◆ EXERCISE BRIEF: What you return must match the entries exactly, except that the pictures are gone.

◆ DATA RECORDS:

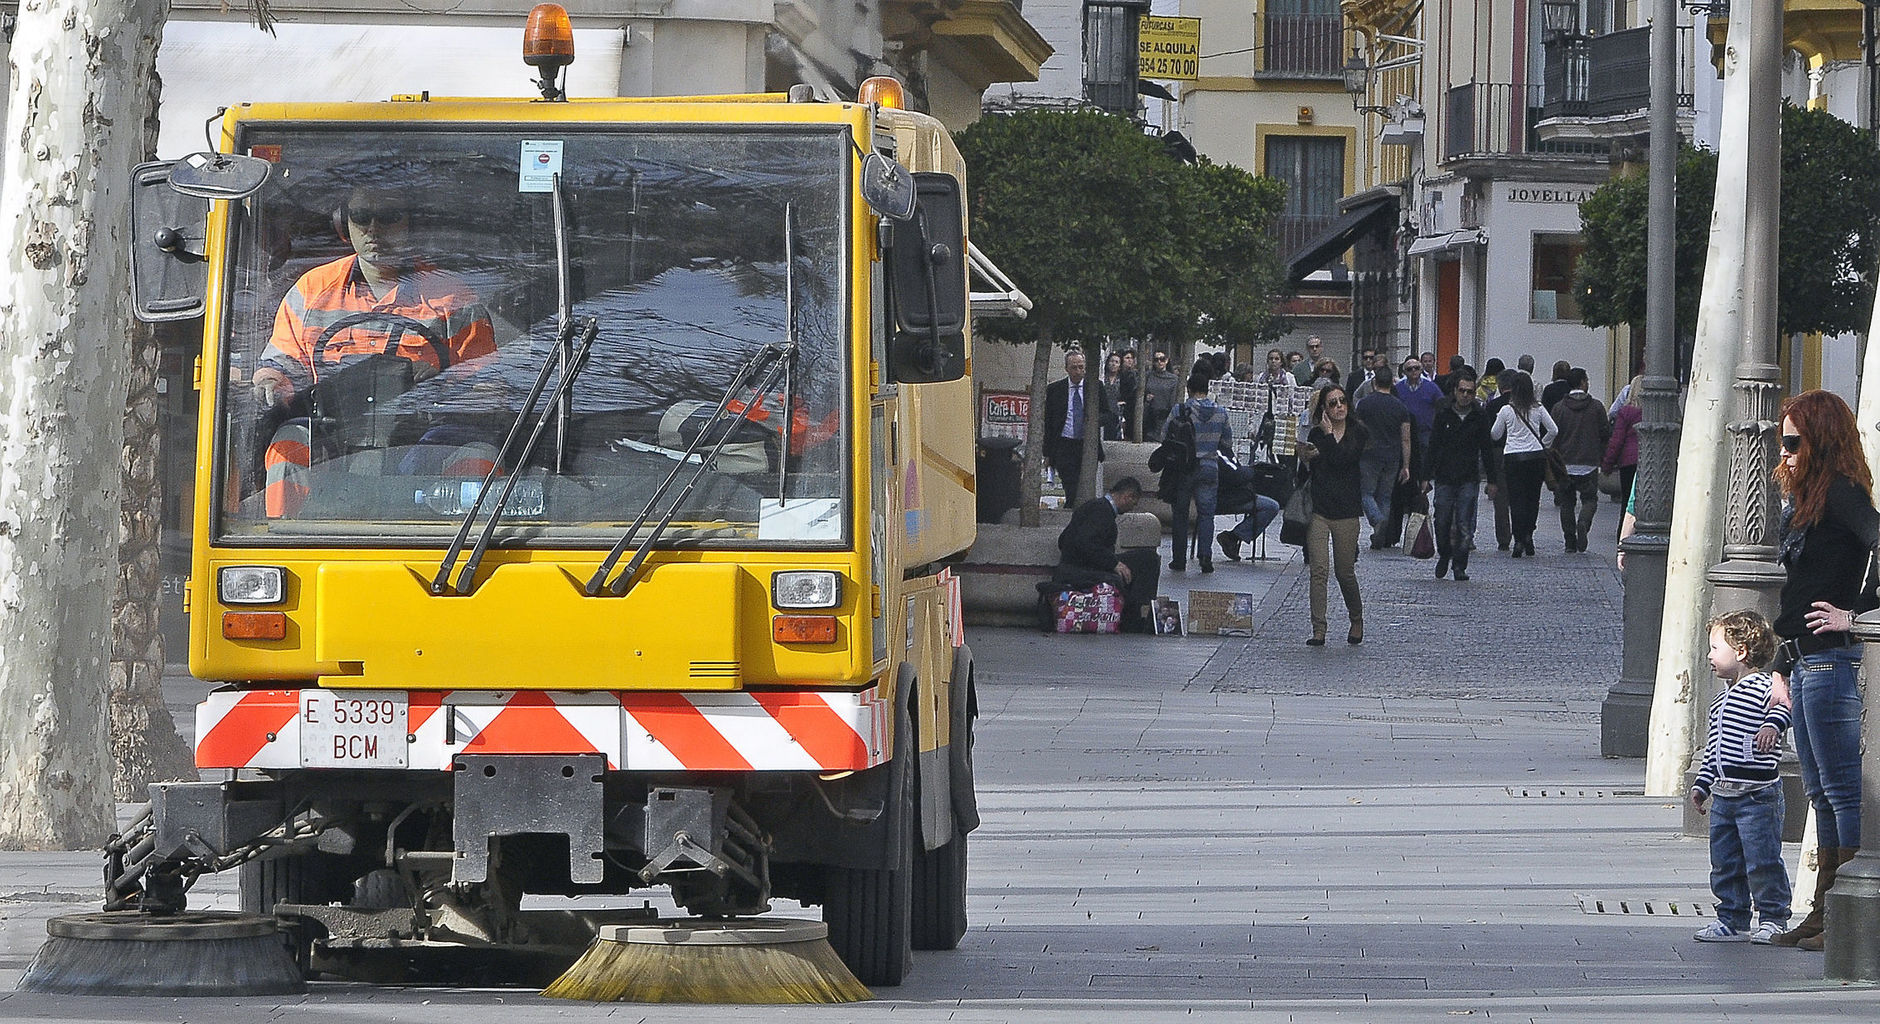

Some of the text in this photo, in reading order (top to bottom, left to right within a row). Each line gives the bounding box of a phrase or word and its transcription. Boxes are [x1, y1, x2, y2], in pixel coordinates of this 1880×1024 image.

[1140, 41, 1197, 55] SE ALQUILA
[1140, 57, 1196, 76] 954 25 70 00
[306, 699, 394, 724] E 5339
[334, 735, 378, 760] BCM
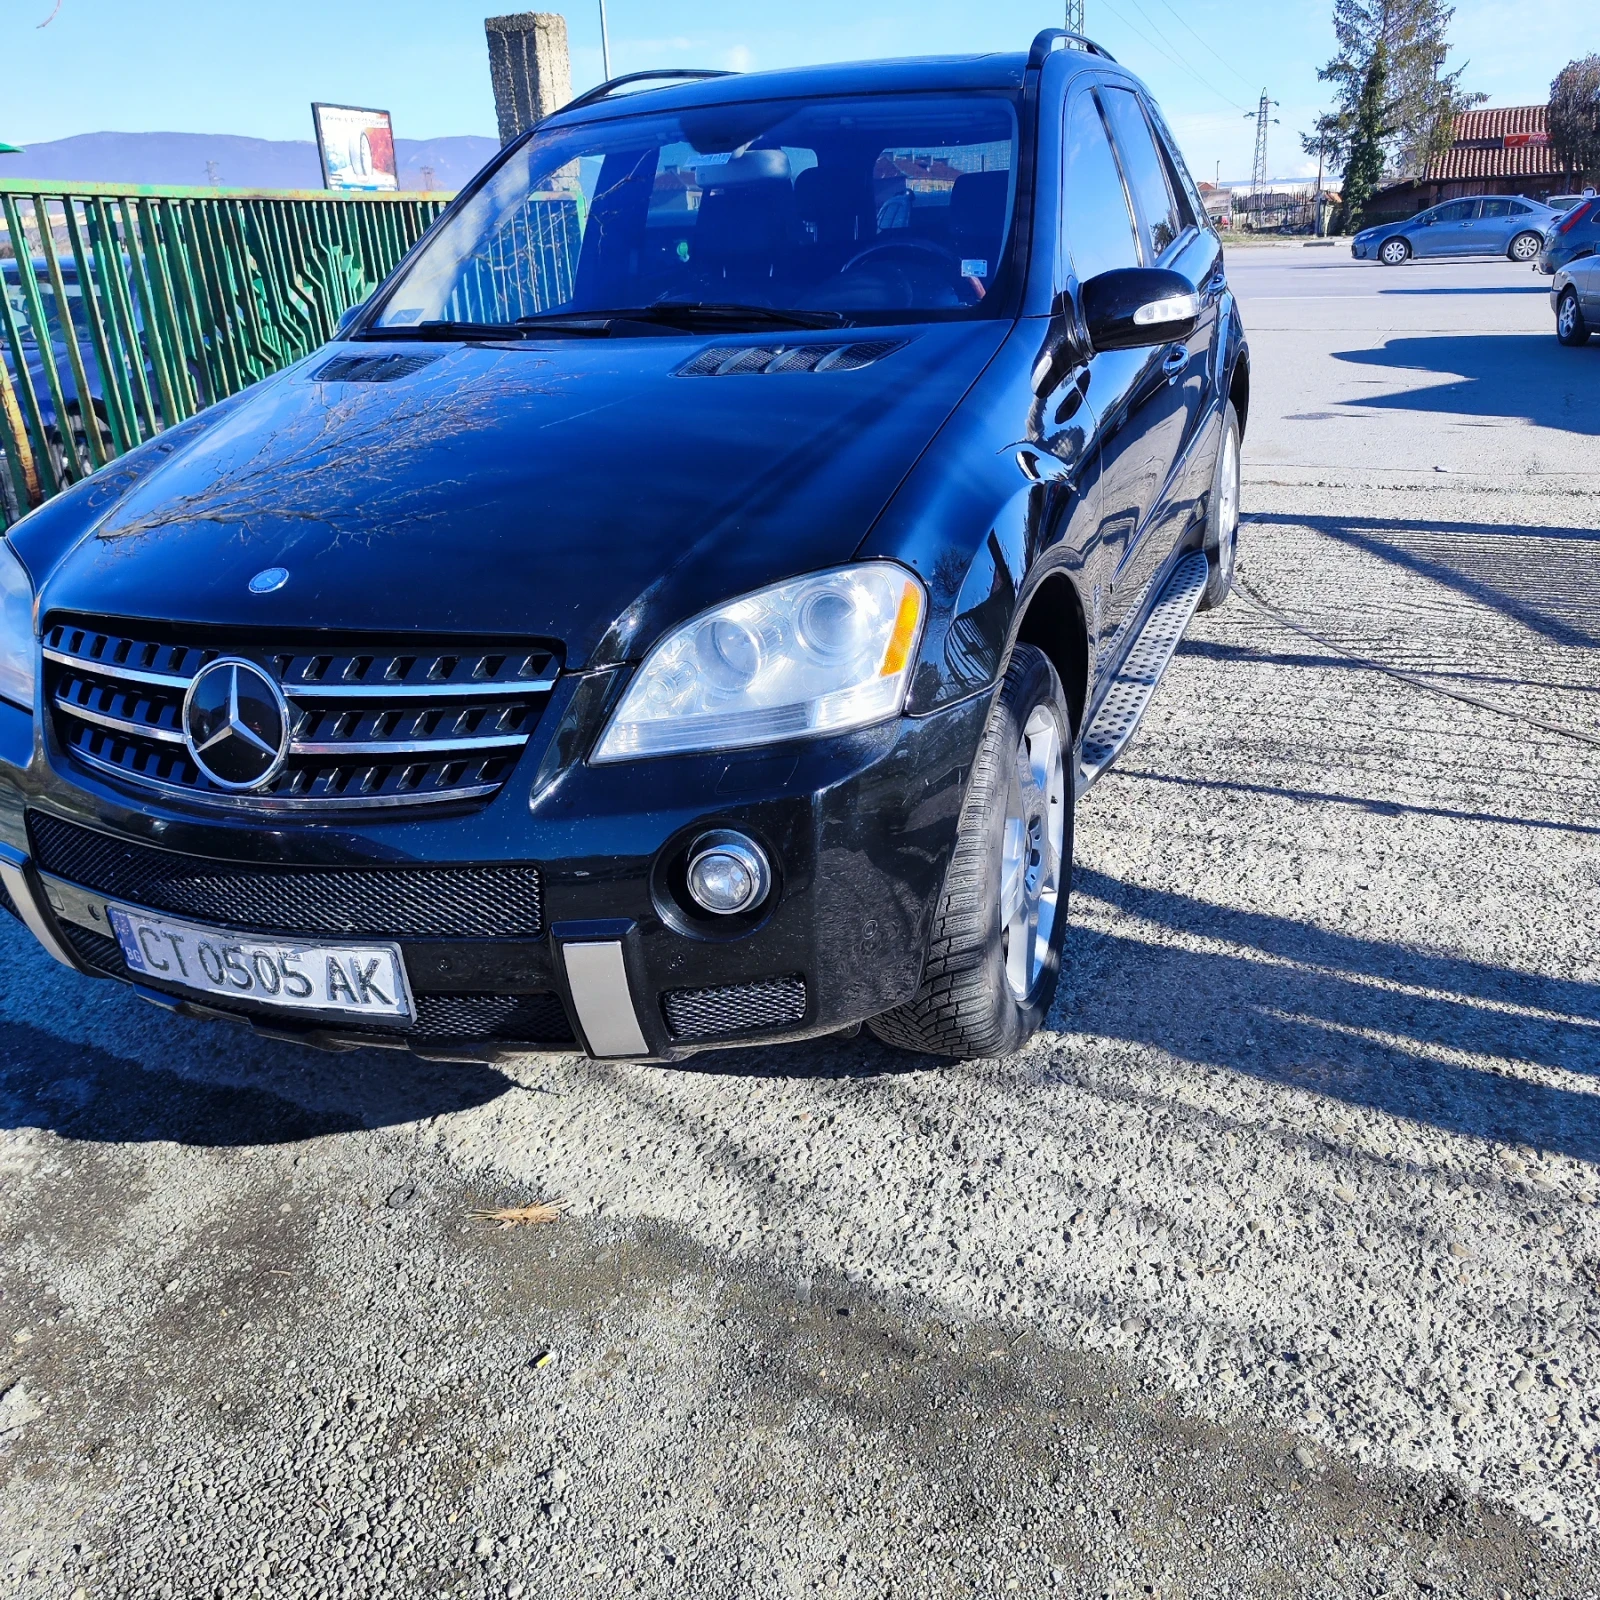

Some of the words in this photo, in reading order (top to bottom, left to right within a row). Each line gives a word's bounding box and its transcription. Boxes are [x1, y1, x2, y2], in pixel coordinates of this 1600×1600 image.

[125, 946, 142, 962] BG
[138, 924, 190, 978] CT
[197, 940, 315, 998] 0505
[325, 954, 400, 1006] AK
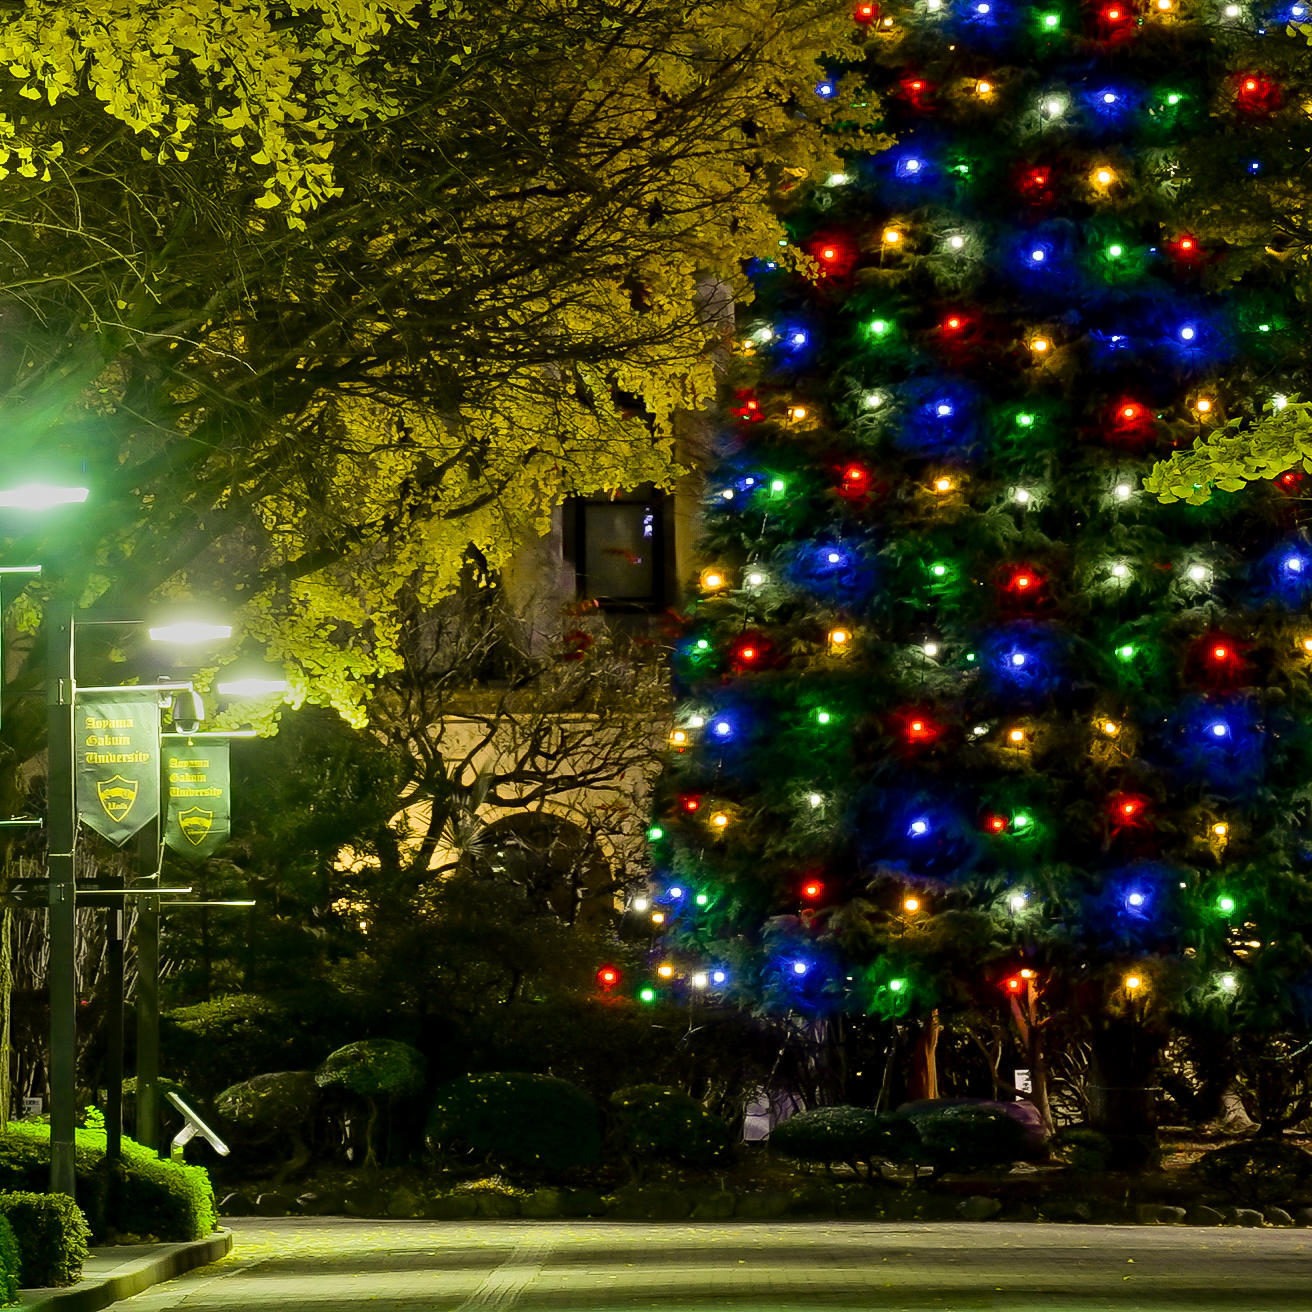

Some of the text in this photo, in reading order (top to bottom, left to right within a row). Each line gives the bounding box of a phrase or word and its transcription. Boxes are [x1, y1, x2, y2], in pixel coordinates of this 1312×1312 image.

[85, 717, 135, 730] Aoyama
[85, 734, 131, 747] Gakuin
[84, 751, 150, 765] University
[169, 786, 223, 798] University

◆ ANSWER SPACE:
Some of the text in this photo, in reading order (top to bottom, left to right within a row). Each line gives the bounding box of a phrase or word and its transcription. Boxes are [x1, y1, x2, y2], in pixel coordinates of this 1880×1024 image.

[1140, 41, 1197, 55] SE ALQUILA
[1140, 57, 1196, 76] 954 25 70 00
[306, 699, 394, 724] E 5339
[334, 735, 378, 760] BCM

Some of the words in this photo, in reading order (top to bottom, left to right within a row). Each line gives a word's bounding box and its transcription. Boxes are [x1, y1, x2, y2], in pixel coordinates of this 1600×1600 image.

[125, 946, 142, 962] BG
[138, 924, 190, 978] CT
[197, 940, 315, 998] 0505
[325, 954, 400, 1006] AK

Some of the text in this photo, in reading order (top to bottom, left to right within a row). Each line gives the bounding box of a phrase or word and its transcription. Boxes are [x1, y1, x2, y2], in pixel coordinates of this 1312×1312 image.

[85, 717, 135, 730] Aoyama
[85, 734, 131, 747] Gakuin
[84, 751, 150, 765] University
[169, 786, 223, 798] University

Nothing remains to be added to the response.